■ Work task: Line by line, print the records exactly, and keep images out of the copy.

■ Task material:
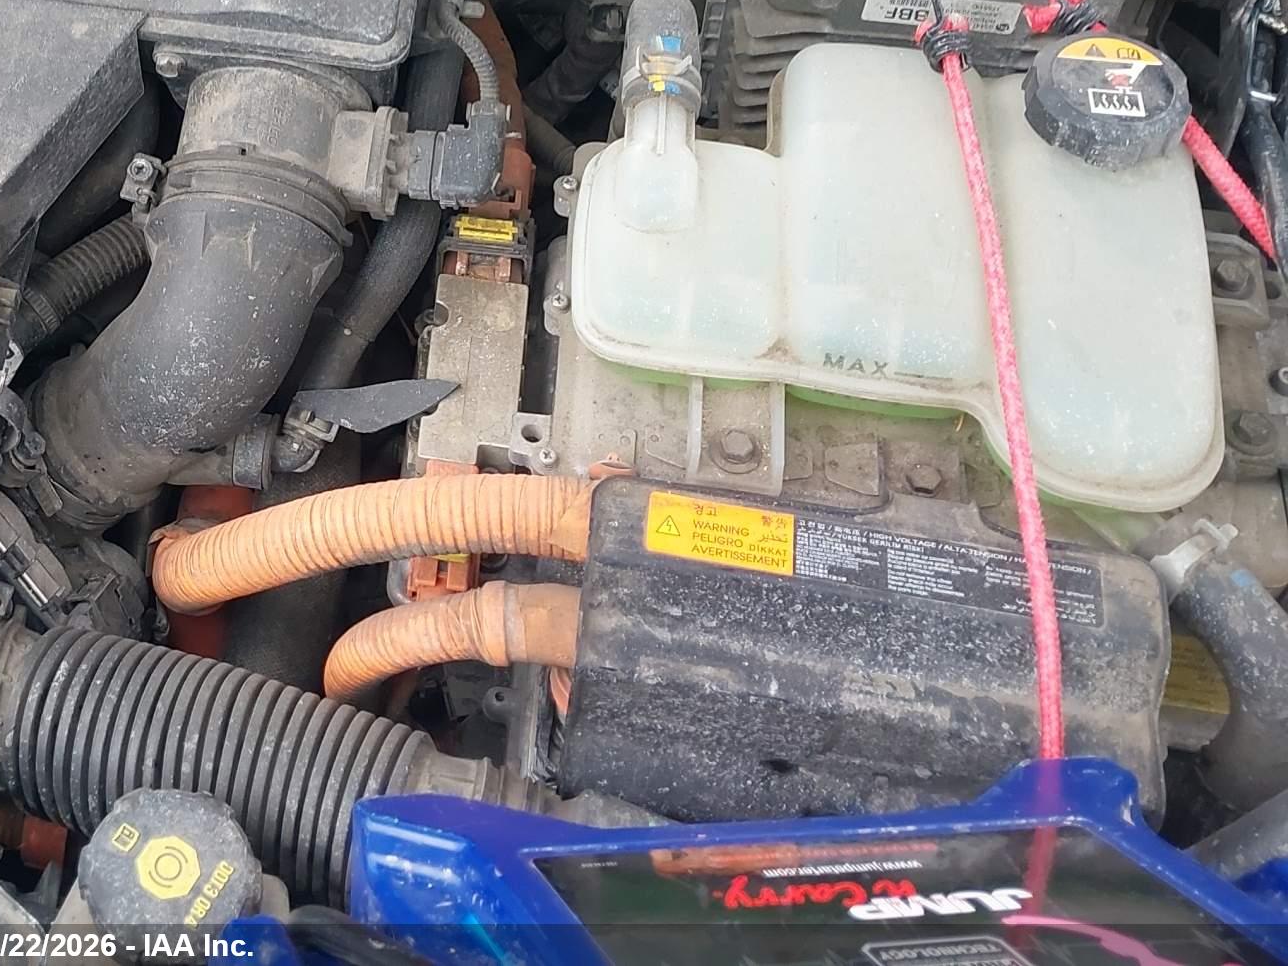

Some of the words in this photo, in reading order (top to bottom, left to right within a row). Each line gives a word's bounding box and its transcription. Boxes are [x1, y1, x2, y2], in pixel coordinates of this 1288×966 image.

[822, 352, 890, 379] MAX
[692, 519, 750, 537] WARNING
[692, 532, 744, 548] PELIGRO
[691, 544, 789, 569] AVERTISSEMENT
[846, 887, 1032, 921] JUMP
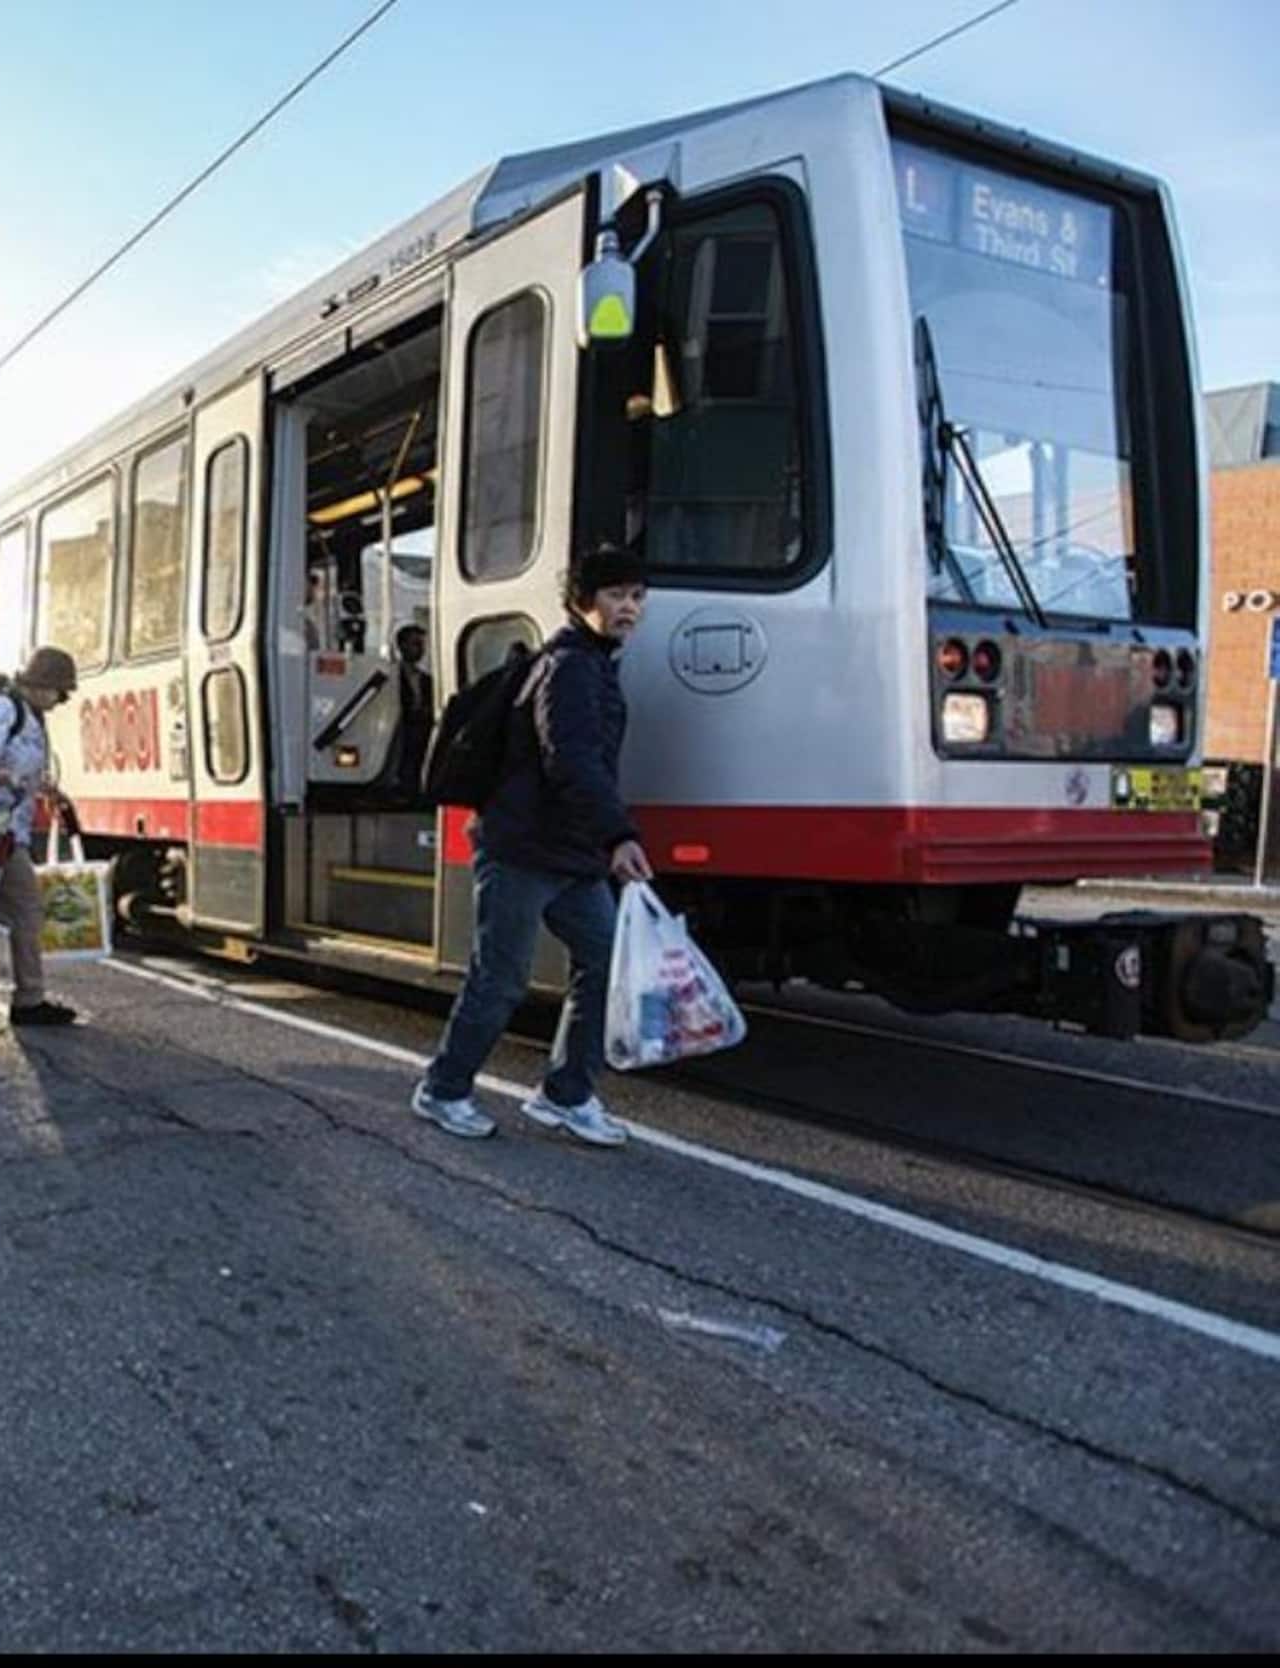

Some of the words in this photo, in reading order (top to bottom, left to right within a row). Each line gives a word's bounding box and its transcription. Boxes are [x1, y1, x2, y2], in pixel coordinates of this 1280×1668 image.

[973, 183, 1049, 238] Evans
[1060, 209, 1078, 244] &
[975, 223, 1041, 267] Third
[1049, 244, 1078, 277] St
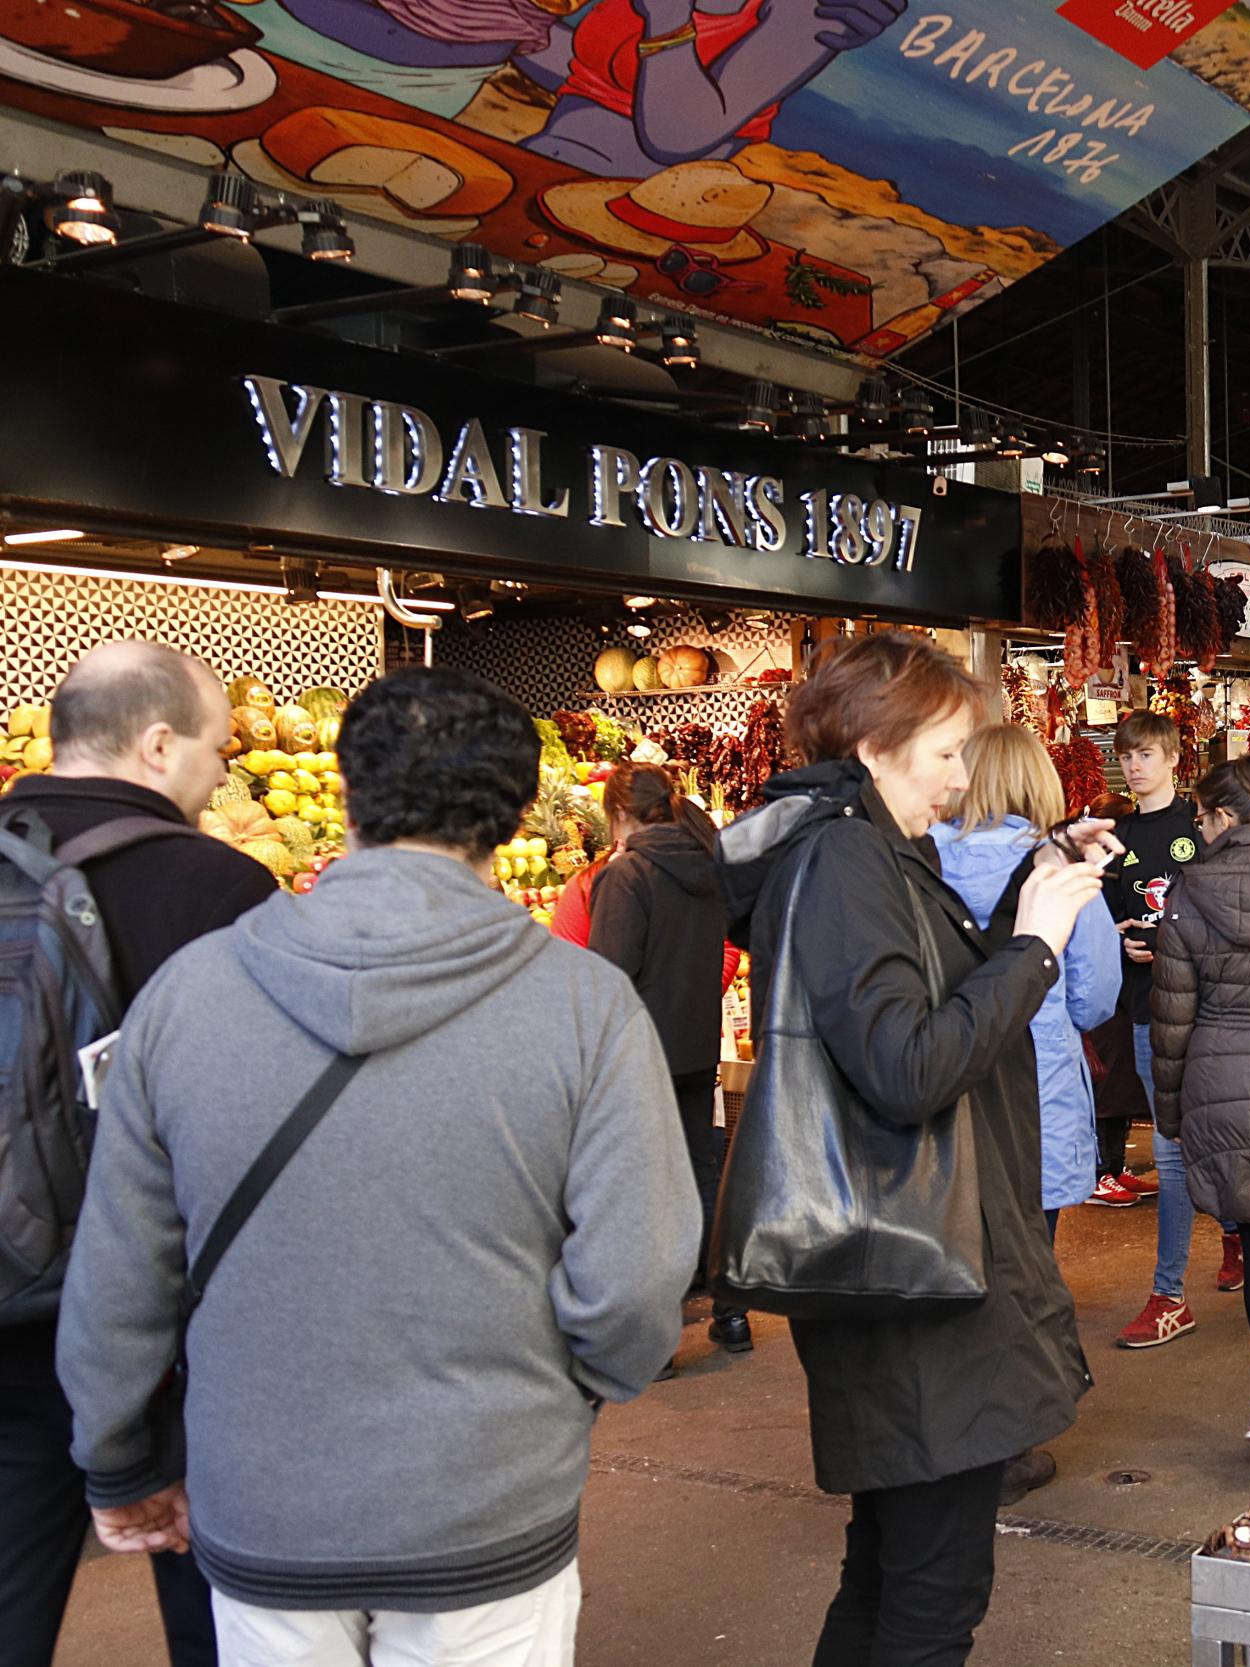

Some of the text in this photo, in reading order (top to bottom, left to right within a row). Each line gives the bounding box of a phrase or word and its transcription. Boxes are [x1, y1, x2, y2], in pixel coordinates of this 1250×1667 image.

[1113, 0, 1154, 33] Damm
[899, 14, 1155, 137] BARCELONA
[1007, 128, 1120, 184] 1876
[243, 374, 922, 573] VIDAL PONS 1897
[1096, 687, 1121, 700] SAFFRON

■ Solved exercise:
Some of the words in this photo, in reading order (top to bottom, left to right within a row). Each line gives a word's bounding box and its transcription. Boxes are [x1, y1, x2, y2], in pixel coordinates of this 1288×966 image.

[822, 352, 890, 379] MAX
[692, 519, 750, 537] WARNING
[692, 532, 744, 548] PELIGRO
[691, 544, 789, 569] AVERTISSEMENT
[846, 887, 1032, 921] JUMP

Some of the words in this photo, in reading order (top to bottom, left to right within a row). Each line gives a word's bounding box and its transcription. Boxes are [x1, y1, x2, y2], in pixel coordinates of this 1280×1668 image.

[973, 183, 1049, 238] Evans
[1060, 209, 1078, 244] &
[975, 223, 1041, 267] Third
[1049, 244, 1078, 277] St

Some of the text in this photo, in reading order (top to bottom, left to right within a row). Each line gives the bounding box of a phrase or word and its transcription. Boxes are [x1, y1, x2, y2], in pixel coordinates of this 1250×1667 image.

[1113, 0, 1154, 33] Damm
[899, 14, 1155, 137] BARCELONA
[1007, 128, 1120, 184] 1876
[243, 374, 922, 573] VIDAL PONS 1897
[1096, 687, 1121, 700] SAFFRON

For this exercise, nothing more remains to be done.